Progresista


No son pocas las irregularidades constatadas por la Dirección provincial de Personas Jurídicas en el Club Progresista de Los Cardales, que la determinaron a intervenir la que fuera una de las instituciones sociales y deportivas más entrañables de la comunidad local. Desde su «grave desorden administrativo» (hacía diez años que su comisión directiva no le rendía cuentas a nadie), hasta la inexistencia de un registro de socios, pese a que algunas decenas de ellos han continuado pagando puntualmente sus cuotas.
El 5 de diciembre de 1999 celebró su última asamblea y a partir de entonces la cúpula directiva presidida por Juan Candia fue desgranándose hasta quedar en las solitarias manos de su tesorera, Liliana Orellano, las responsabilidades inherentes al funcionamiento de la institución. El tercero del trío con uso de firma por ser el Secretario, Roberto Lynch, hacía varios años que no ejercía como tal, lo que no fue óbice para que celebrara personalmente algunos acuerdos con eventuales concesionarios de algunos servicios que el Progresista siguió ofreciendo, bien que tercerizándolos.

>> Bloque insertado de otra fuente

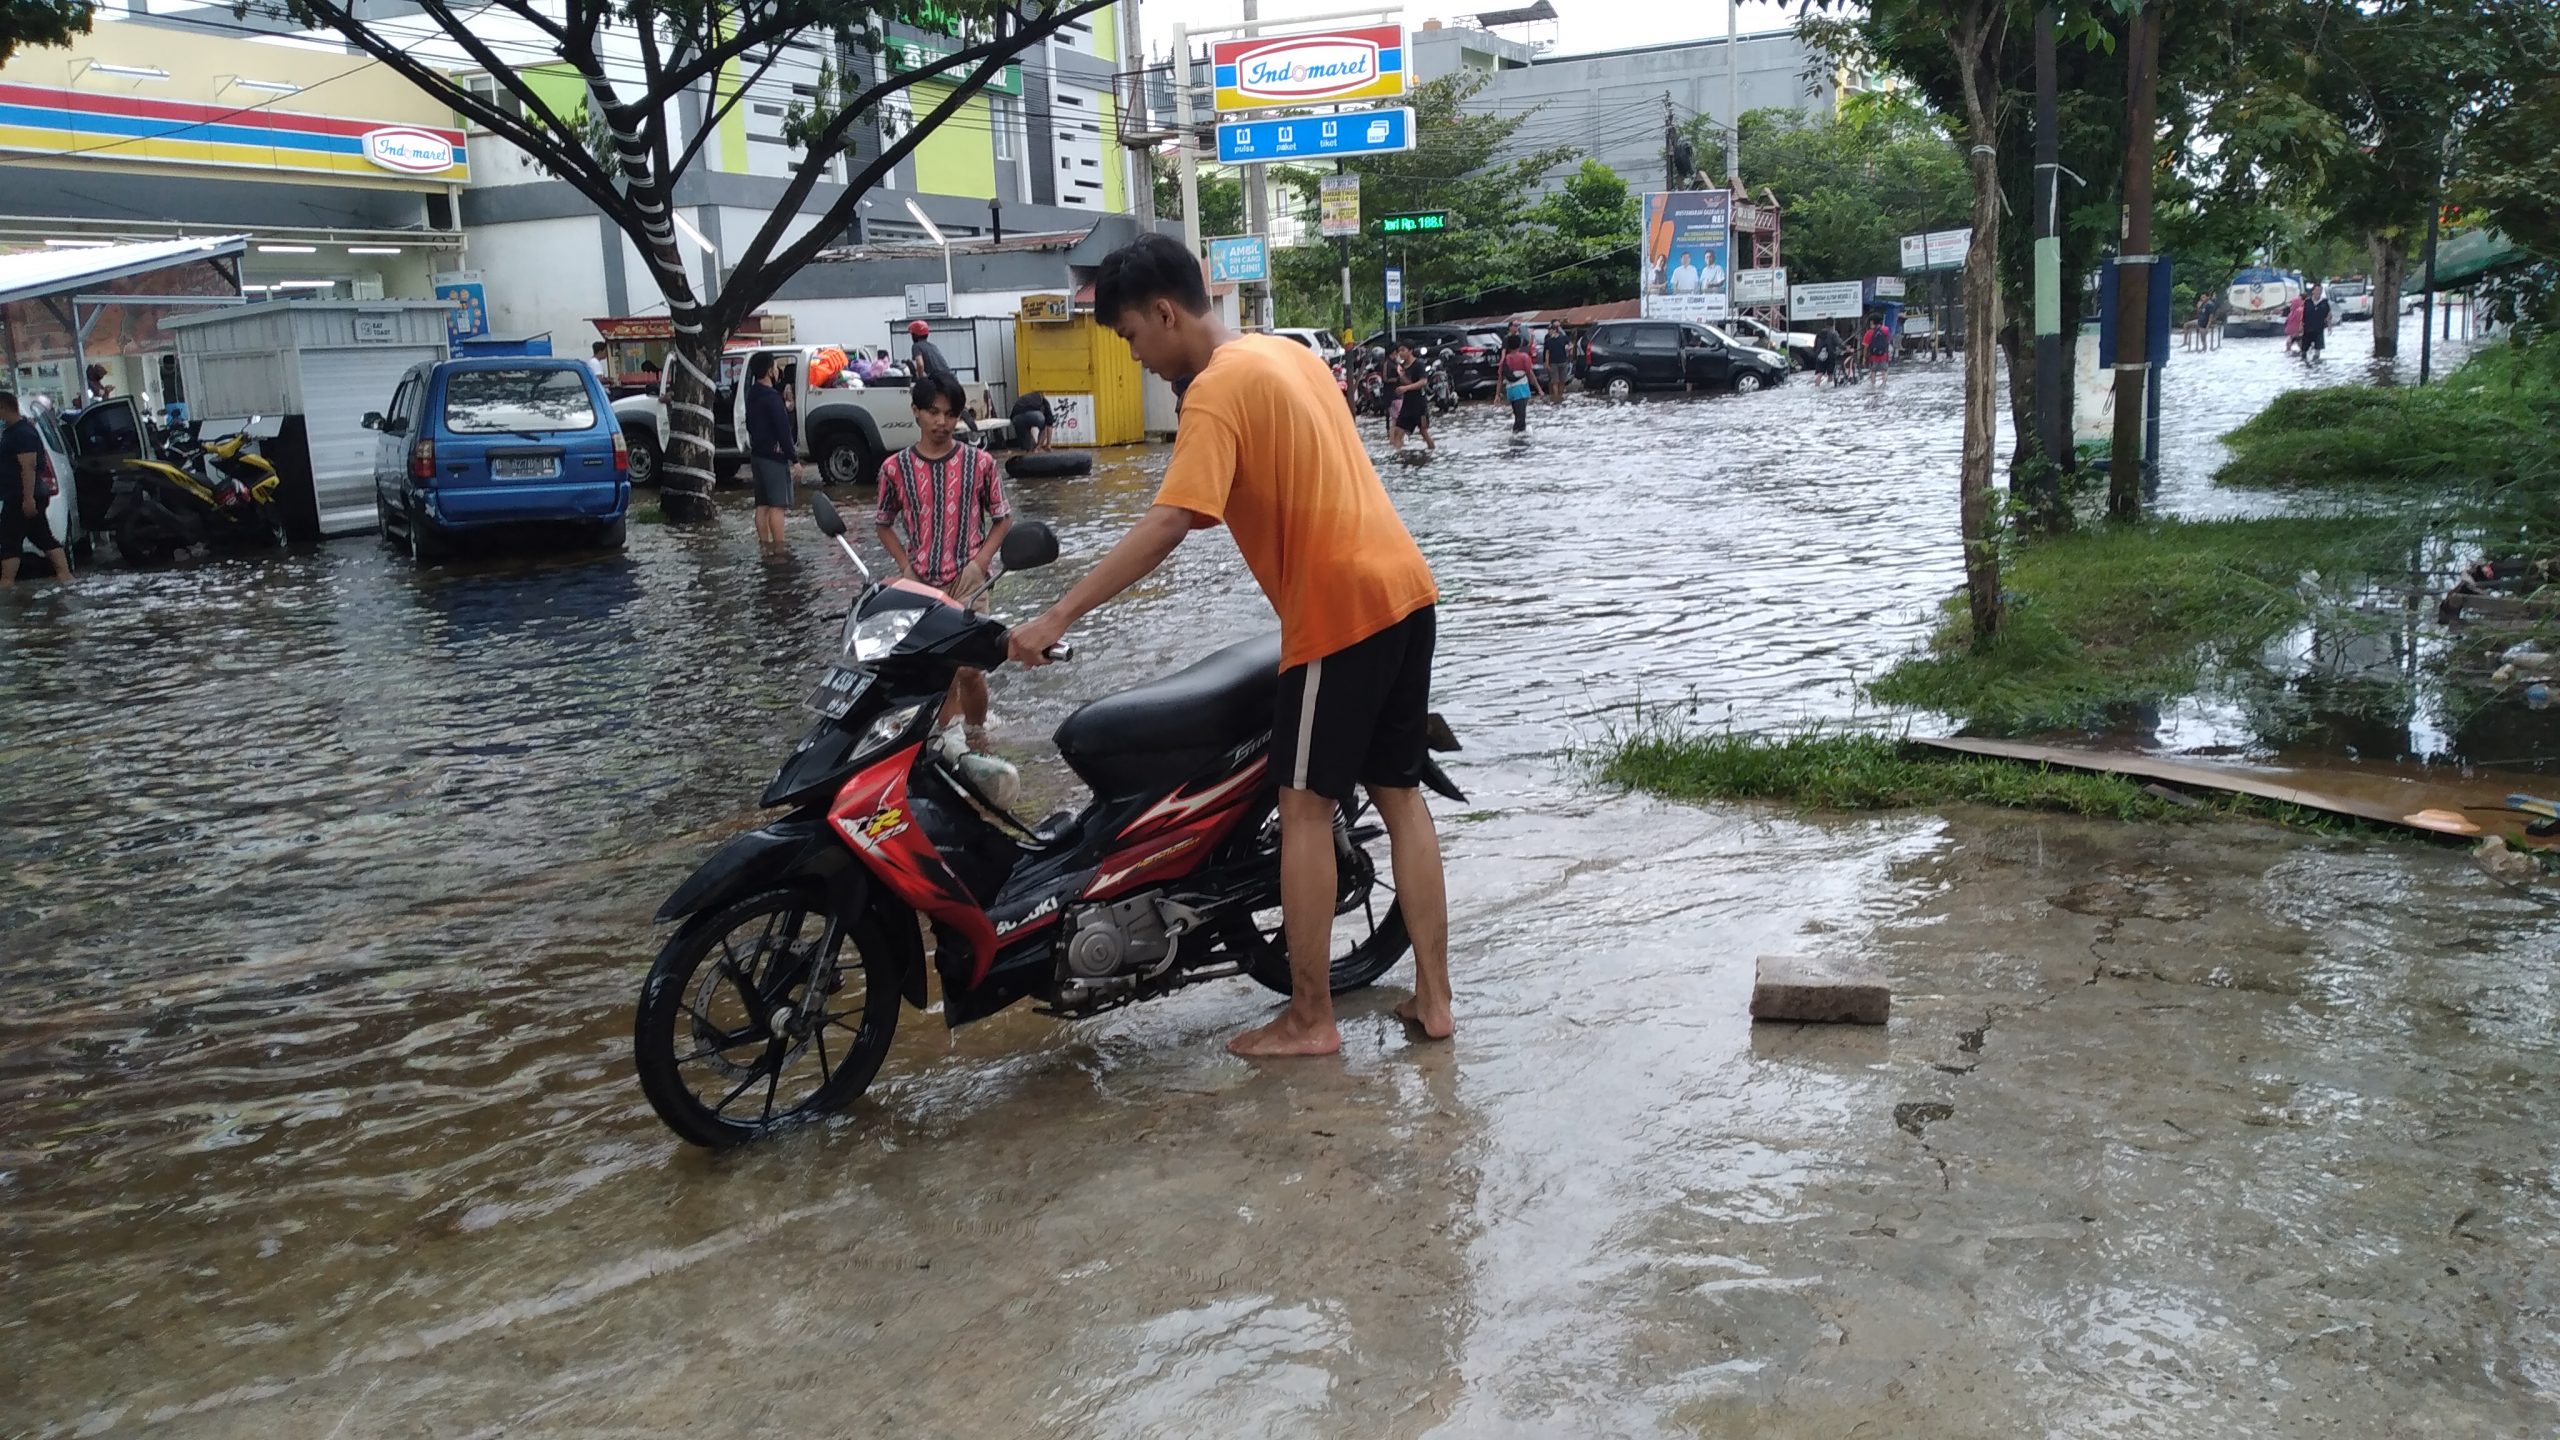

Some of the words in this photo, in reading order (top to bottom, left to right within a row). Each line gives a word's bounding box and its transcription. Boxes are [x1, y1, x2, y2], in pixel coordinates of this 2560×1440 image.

[1248, 54, 1368, 85] Indomaret
[378, 139, 447, 161] Indomaret
[1234, 145, 1255, 155] pulsa
[1276, 142, 1297, 152] paket
[1320, 138, 1338, 148] tiket
[1230, 244, 1260, 257] AMBIL

Curiosamente, ni Candia ni Lynch, como tampoco lo hicieran los demás integrantes de la vieja comisión directiva, presentaron formalmente sus renuncias, por lo que, en teoría, no cesaron sus respectivas responsabilidades, como lo hubiera sido convocar en tiempo y forma a las asambleas y proceder a la renovación de autoridades, como estatutariamente estaba dispuesto.

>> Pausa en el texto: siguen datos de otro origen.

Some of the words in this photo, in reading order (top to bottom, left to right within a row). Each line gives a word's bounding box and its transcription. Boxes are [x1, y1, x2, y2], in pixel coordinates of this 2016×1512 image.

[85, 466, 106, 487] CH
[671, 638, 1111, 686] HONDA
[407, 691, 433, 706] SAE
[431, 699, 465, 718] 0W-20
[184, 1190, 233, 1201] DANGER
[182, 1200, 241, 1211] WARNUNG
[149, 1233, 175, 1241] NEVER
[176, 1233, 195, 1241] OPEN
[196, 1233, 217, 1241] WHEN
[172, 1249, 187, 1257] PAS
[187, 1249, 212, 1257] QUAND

¿Mala fe? Imposible acusar de ella a caracterizados vecinos sobre cuyas conductas sería injusto arrojar cualquier manto de sospecha. ¿Desidia? Sin duda. La misma, en definitiva, que la de la comunidad cardalense, que dejó languidecer a la institución sin hacer nada ni cuestionar actuaciones personales, por lo menos irregulares. Porque habrá que convenir que concesionar el restaurante que funciona en sus instalaciones –sin la debida habilitación municipal–, el sector de las canchas de fútbol o la pileta de natación, requería ciertas formalidades no cumplidas. Tampoco ha sido muy normal que la cesión ocasional o el alquiler de las instalaciones del club quedaran al arbitrio de una sola persona –la tesorera–, una de cuyas actividades comerciales es el alquiler temporal de mesas, sillas y vajillas utilizadas comúnmente en celebraciones realizadas en la propia institución.
Todo ha sido muy desprolijo. Incluyendo los gastos atendidos con recursos económicos del club después de anunciarse su intervención, tras la inspección del organismo provincial competente solicitada por el Senador Ricardo Bozzani.
La tarea del interventor, Aldo Venturino, no será fácil. Tiene un estrecho margen de maniobra, siempre bajo la tutela de la Dirección de Personas Jurídicas y de la autoridad jurisdiccional. Podrá poco más que recopilar la documentación que sustente de manera fehaciente las incidencias económicas sucedidas durante la última década, abrir una suscripción de nuevos socios y convocar a la asamblea general, que aprobará o no la actuación de sus antecesores y procederá a elegir una nueva comisión directiva. A sus integrantes les corresponderá dar nueva vida al tradicional Club Progresista. Pero esto sucederá si la comunidad cardalense decide participar activamente. De lo contrario, ese espacio seguirá siendo ocupado –cumpliendo ciertas formalidades mínimas– por quienes han creído ser sus propietarios o, simplemente y por desidia, lo han llevado al borde de su desaparición.
Entre todos podremos recuperar una institución llamada a cumplir un importante papel social, deportivo y cultural que hoy, quizás más que nunca, resulta indispensable en Los Cardales.